PROBLEM >>
Make an exact copy of all the records, one that contains none of the pictures.

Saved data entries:
--- START ---

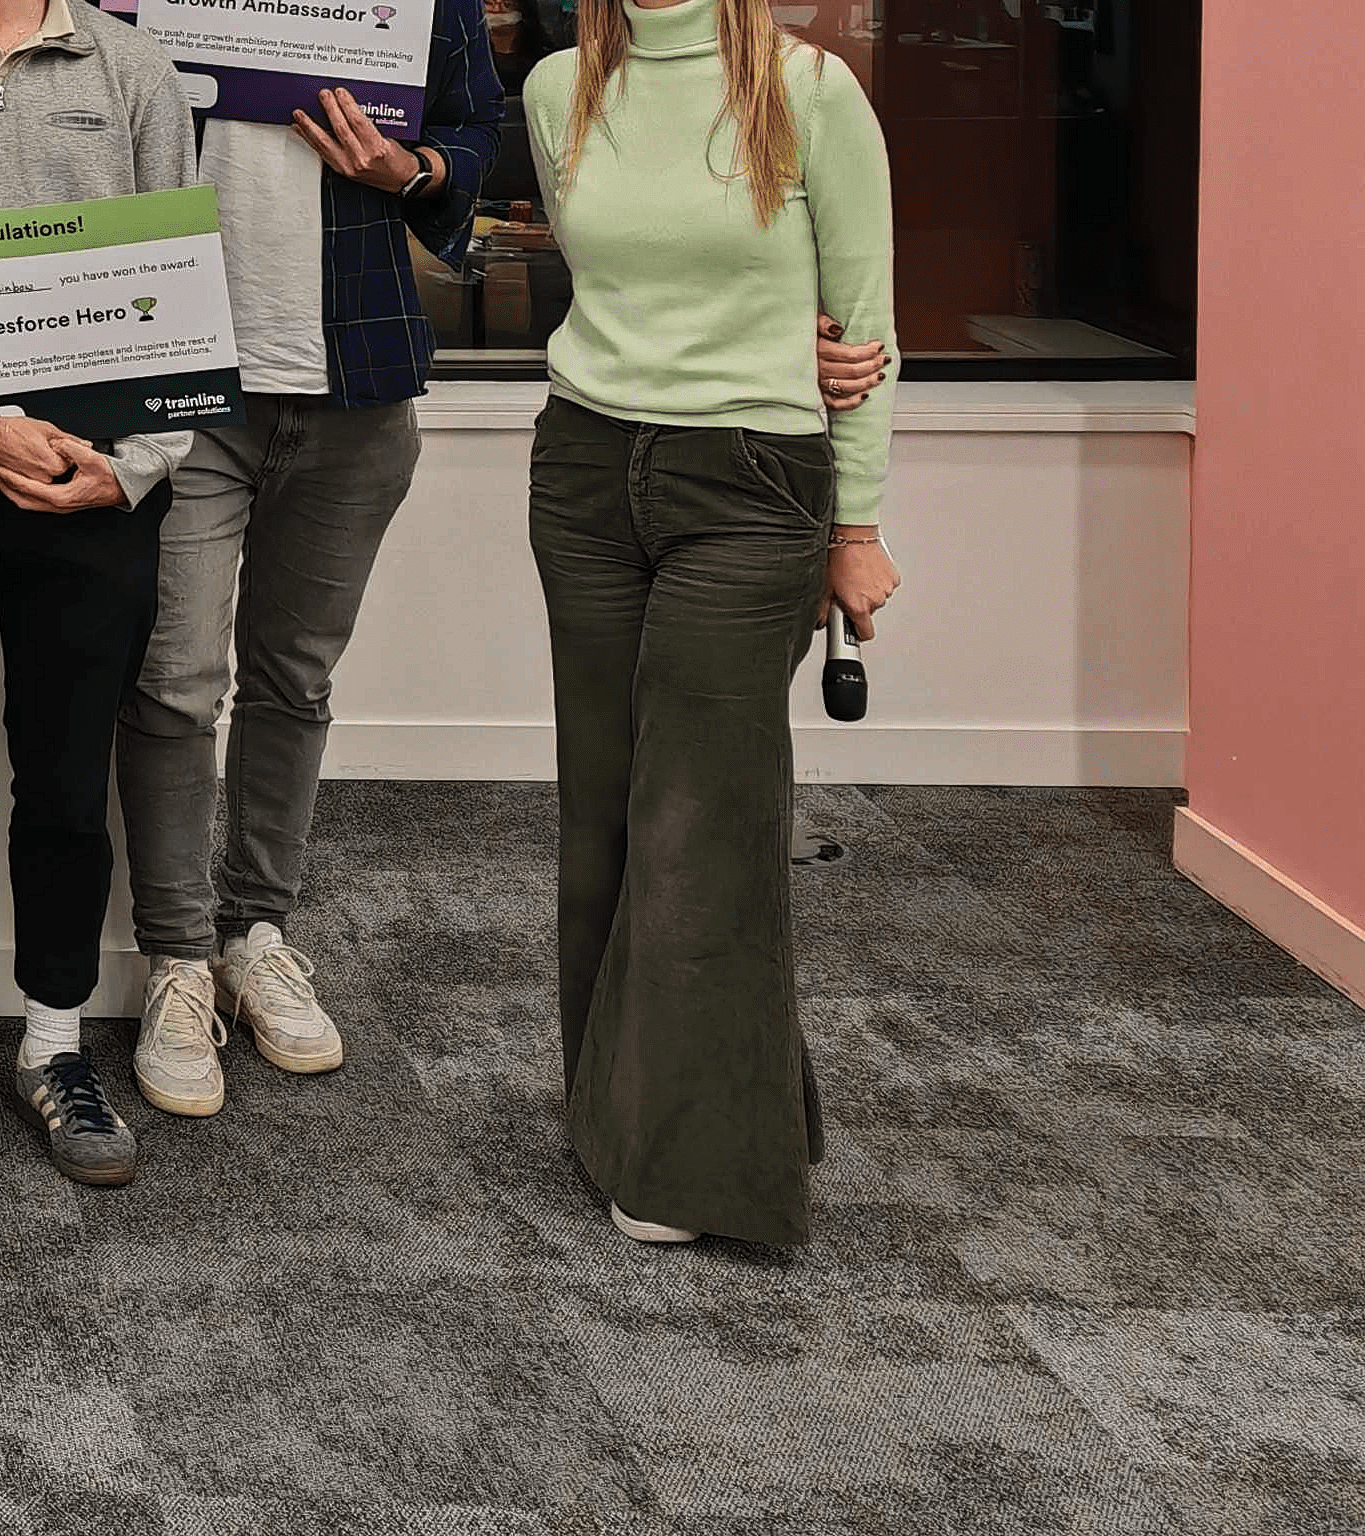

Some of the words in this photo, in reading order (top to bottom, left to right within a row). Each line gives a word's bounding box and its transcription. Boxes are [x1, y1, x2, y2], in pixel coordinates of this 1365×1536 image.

[59, 274, 81, 287] you
[82, 271, 110, 281] have
[111, 267, 137, 278] won
[138, 263, 158, 274] the
[160, 256, 199, 272] award:
[76, 307, 127, 326] Hero
[164, 392, 225, 410] trainline

--- END ---

RESPONSE >>
Some of the words in this photo, in reading order (top to bottom, left to right within a row). Each line gives a word's bounding box and its transcription. Boxes are [x1, y1, x2, y2], in pixel coordinates of this 1365×1536 image.

[59, 274, 81, 287] you
[82, 271, 110, 281] have
[111, 267, 137, 278] won
[138, 263, 158, 274] the
[160, 256, 199, 272] award:
[76, 307, 127, 326] Hero
[164, 392, 225, 410] trainline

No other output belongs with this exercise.